The dollar retreated from its recent highs, but is comfortably supported by the view among investors that no rate cuts will be forthcoming any time soon from the Federal Reserve and by the climb this month in Treasury yields to their highest since November.

On Wall Street, big tech shares outperformed ahead of quarterly results this week, sending the Nasdaq 1.1 percent higher. AI darling Nvidia gained 4.4 percent while Amazon.com rose 1.5 percent and Alphabet jumped 1.4 percent, although Tesla dropped 3.4 as it cut prices in its major markets.

Tuesday brings a wealth of big-cap earnings, including Tesla, PepsiCo, UPS, Lockheed Martin and Halliburton.

"Odds are the earnings reports that we see over the next few weeks will be positive, but obviously there's still issues around what the Fed will do the next," said Shane Oliver, chief economist at AMP. "It's too early to say that problems in the Middle East have gone away."

"There are lots of things that could cause volatility between now and the end of the year. And so we're probably coming to a more constrained, more volatile period for markets."
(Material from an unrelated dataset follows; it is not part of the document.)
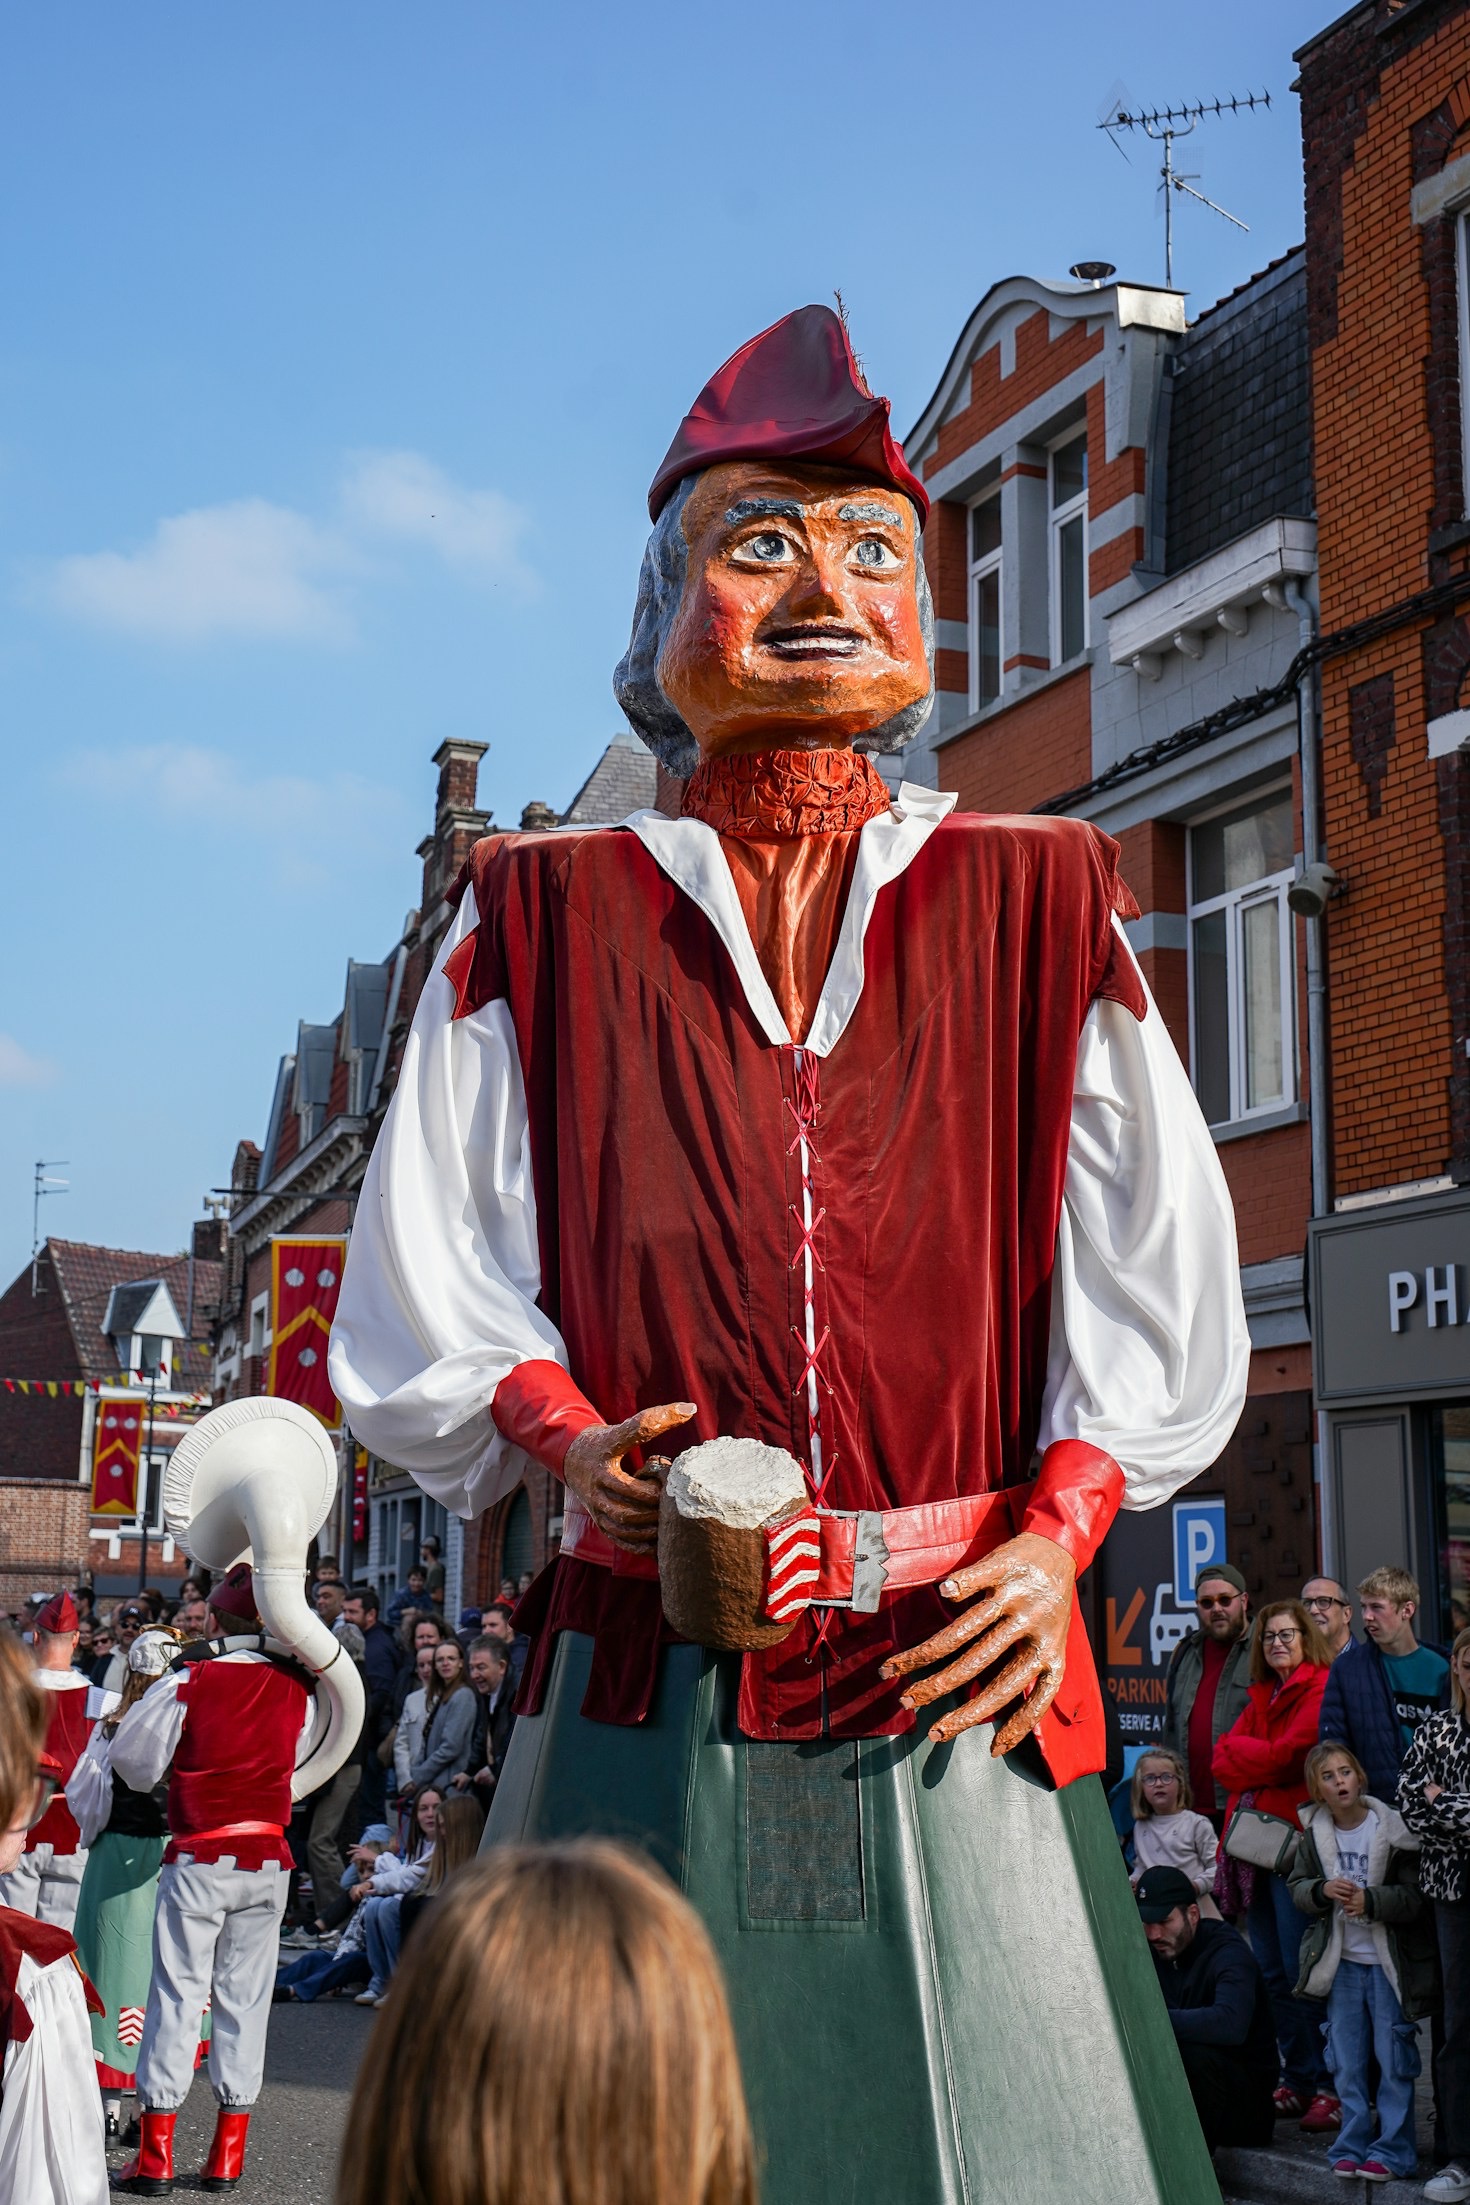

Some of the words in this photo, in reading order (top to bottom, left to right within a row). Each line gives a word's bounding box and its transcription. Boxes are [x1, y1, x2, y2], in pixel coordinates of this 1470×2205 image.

[1388, 1263, 1470, 1333] PH
[1187, 1519, 1215, 1590] P
[1152, 1715, 1161, 1731] A
Aside from Tesla, Meta Platforms, Alphabet and Microsoft will release earnings this week.

Mega wobble?

UBS on Monday downgraded its rating on the mega-cap companies, warning that the profit growth momentum of the so-called Big Six technology stocks could "collapse" over the next few quarters.

US business activity, quarterly economic growth and a measure of monthly inflation top the macro data bill this week.

Traders now expect the first Fed rate cut to come most likely in September and just 40 basis points' worth of cuts, compared with expectations for 150 bps of cuts at the beginning of the year.

Treasuries have been a big casualty of the shift in thinking. The yield on the two-year note, the most sensitive to changes in rate expectations, was up 1.8 bps at 4.898 percent.

In Europe, the picture is different. The European Central Bank is expected to cut in June and this divergence is weighing on the euro. It was last up 0.2 percent at $1.0673, not far off last week's five-month low of $1.0601.

The yen slid to another 34-year low on Tuesday, but recovered modestly to trade flat at 154.85 to the dollar.

Japan finance minister Shunichi Suzuki said last week's trilateral meeting with his US and South Korean counterparts laid the groundwork for Tokyo to take appropriate action in the foreign exchange market.

This is the clearest warning yet from Japanese monetary authorities that tolerance for the slide in the currency is wearing thin and official intervention to prop it up is likely.

Oil recovered some of the sharp losses overnight as investors continued to assess the situation in Middle East. Brent futures rose 0.9 percent to $87.80 a barrel, while US crude rose 0.9 percent to $82.60 a barrel.

Gold fell for a second day, dropping 1 percent to $2,300 an ounce, after shedding 2.7 percent the day before, as investors took profit on the 12 percent rally in the price so far this year.